§ Material to process:
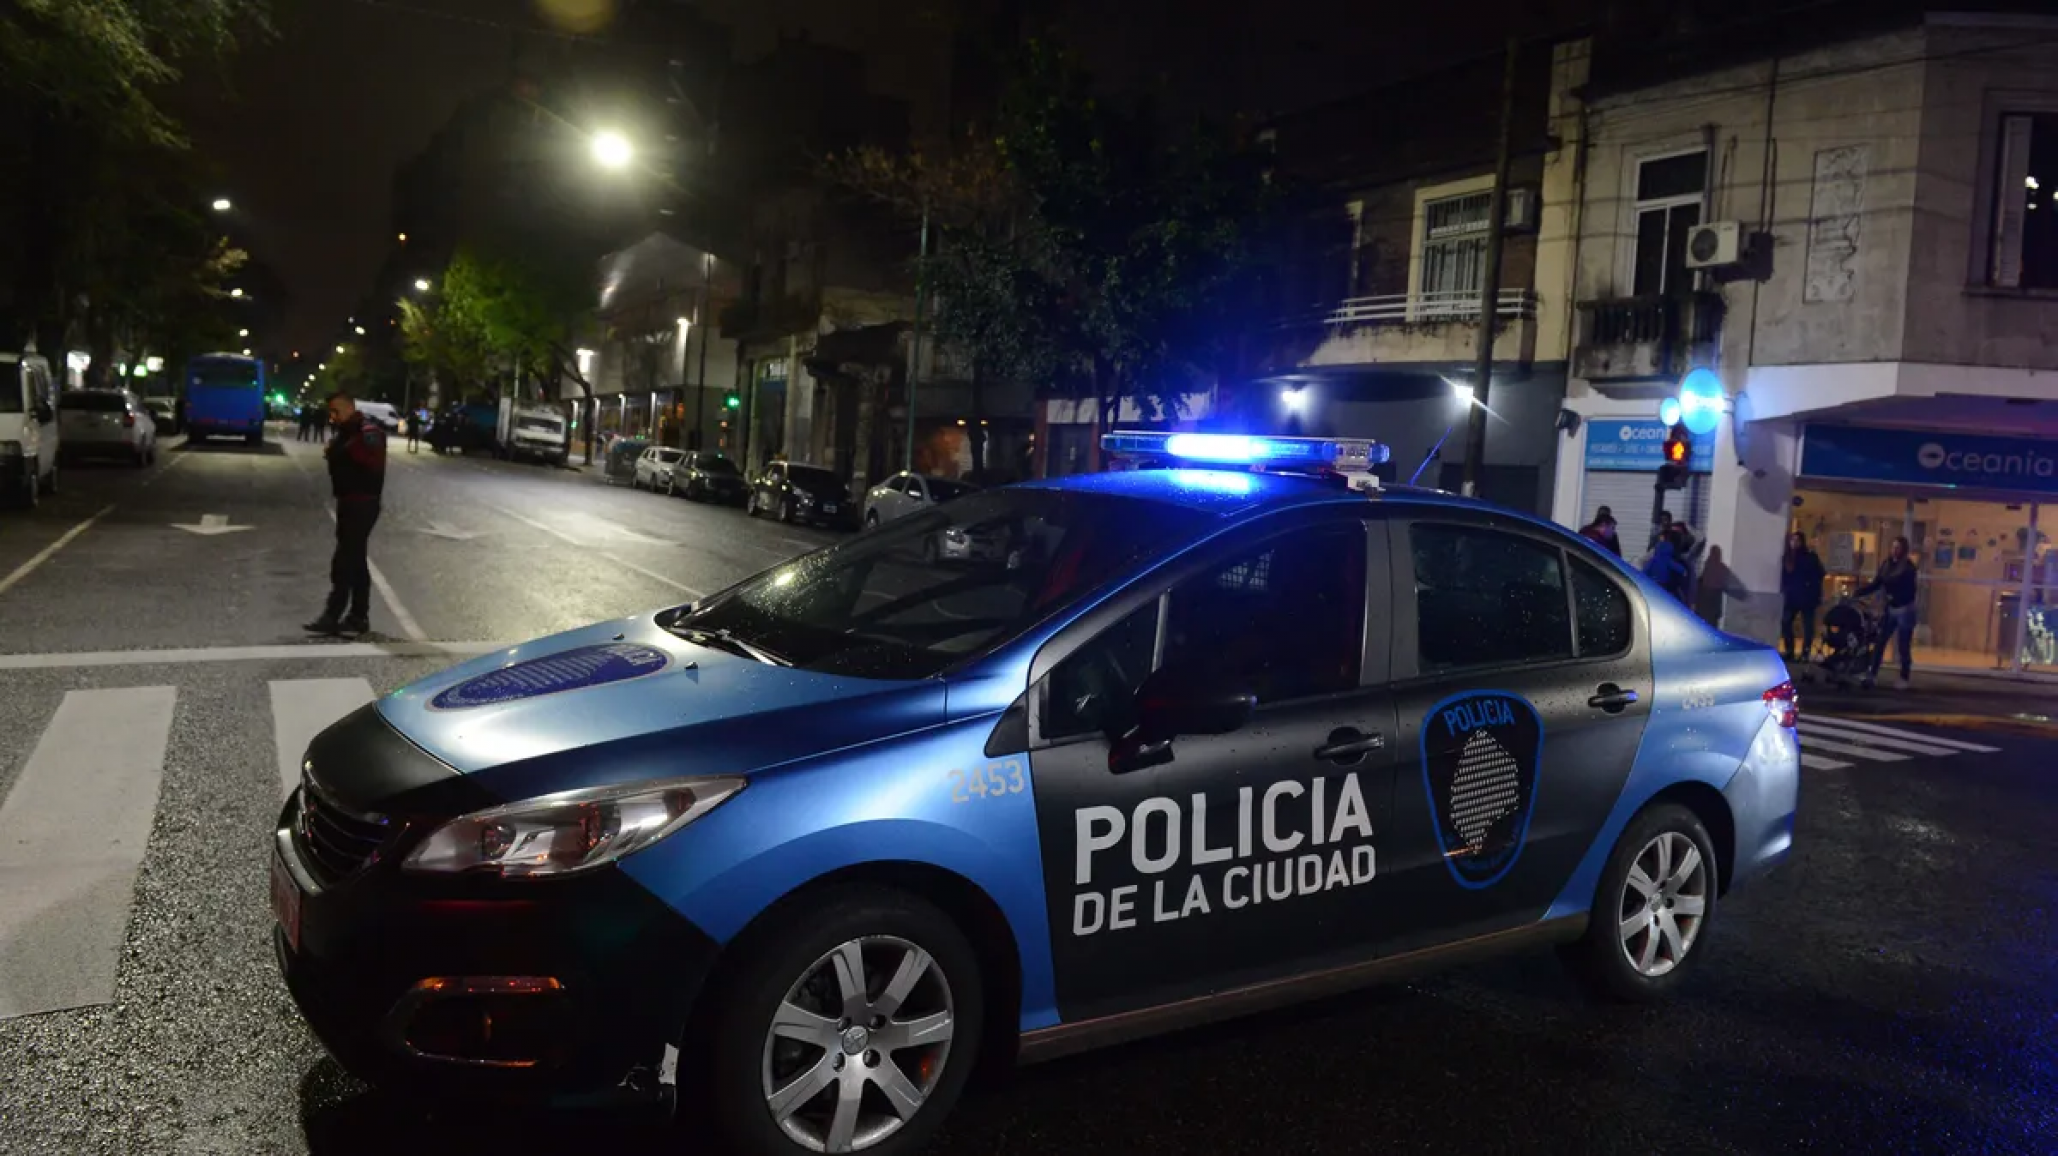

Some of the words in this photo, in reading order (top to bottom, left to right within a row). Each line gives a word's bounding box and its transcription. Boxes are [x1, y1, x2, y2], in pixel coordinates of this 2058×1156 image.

[1619, 425, 1669, 441] Ocean
[1918, 443, 2054, 476] Oceania
[1444, 699, 1515, 736] POLICIA
[947, 760, 1025, 804] 2453
[1075, 772, 1374, 886] POLICIA
[1073, 884, 1138, 936] DE
[1153, 874, 1211, 923] LA
[1223, 844, 1377, 910] CIUDAD
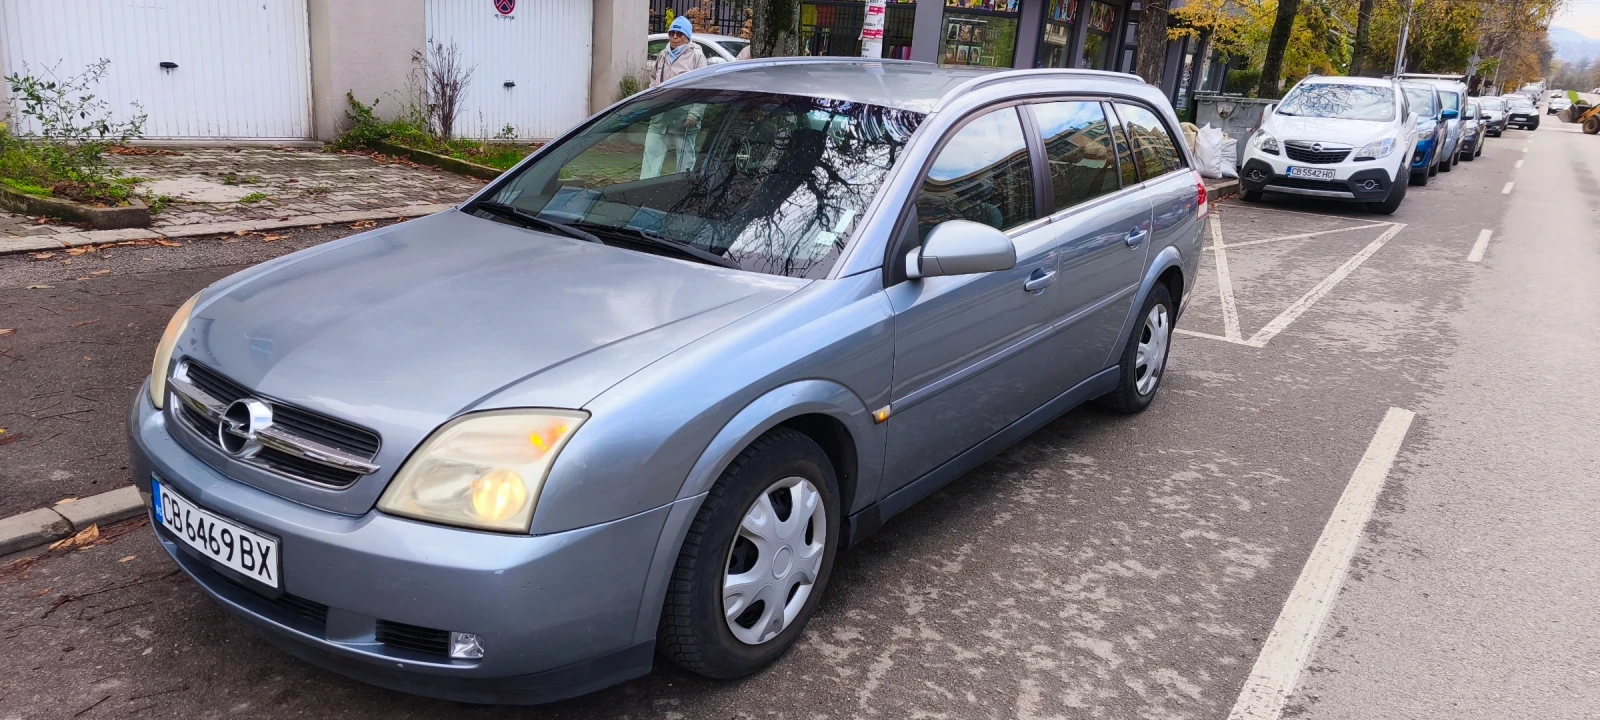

§ Prompt: The complete listing must be transcribed verbatim, and all pictures are to be omitted.

§ Exercise answer:
Some of the words in this photo, in reading order (top to bottom, left to right within a row). Each line gives a word's bounding box and its transcription. Boxes are [x1, y1, x2, y2], in pixel coordinates of this 2058×1156 image.

[1619, 425, 1669, 441] Ocean
[1918, 443, 2054, 476] Oceania
[1444, 699, 1515, 736] POLICIA
[947, 760, 1025, 804] 2453
[1075, 772, 1374, 886] POLICIA
[1073, 884, 1138, 936] DE
[1153, 874, 1211, 923] LA
[1223, 844, 1377, 910] CIUDAD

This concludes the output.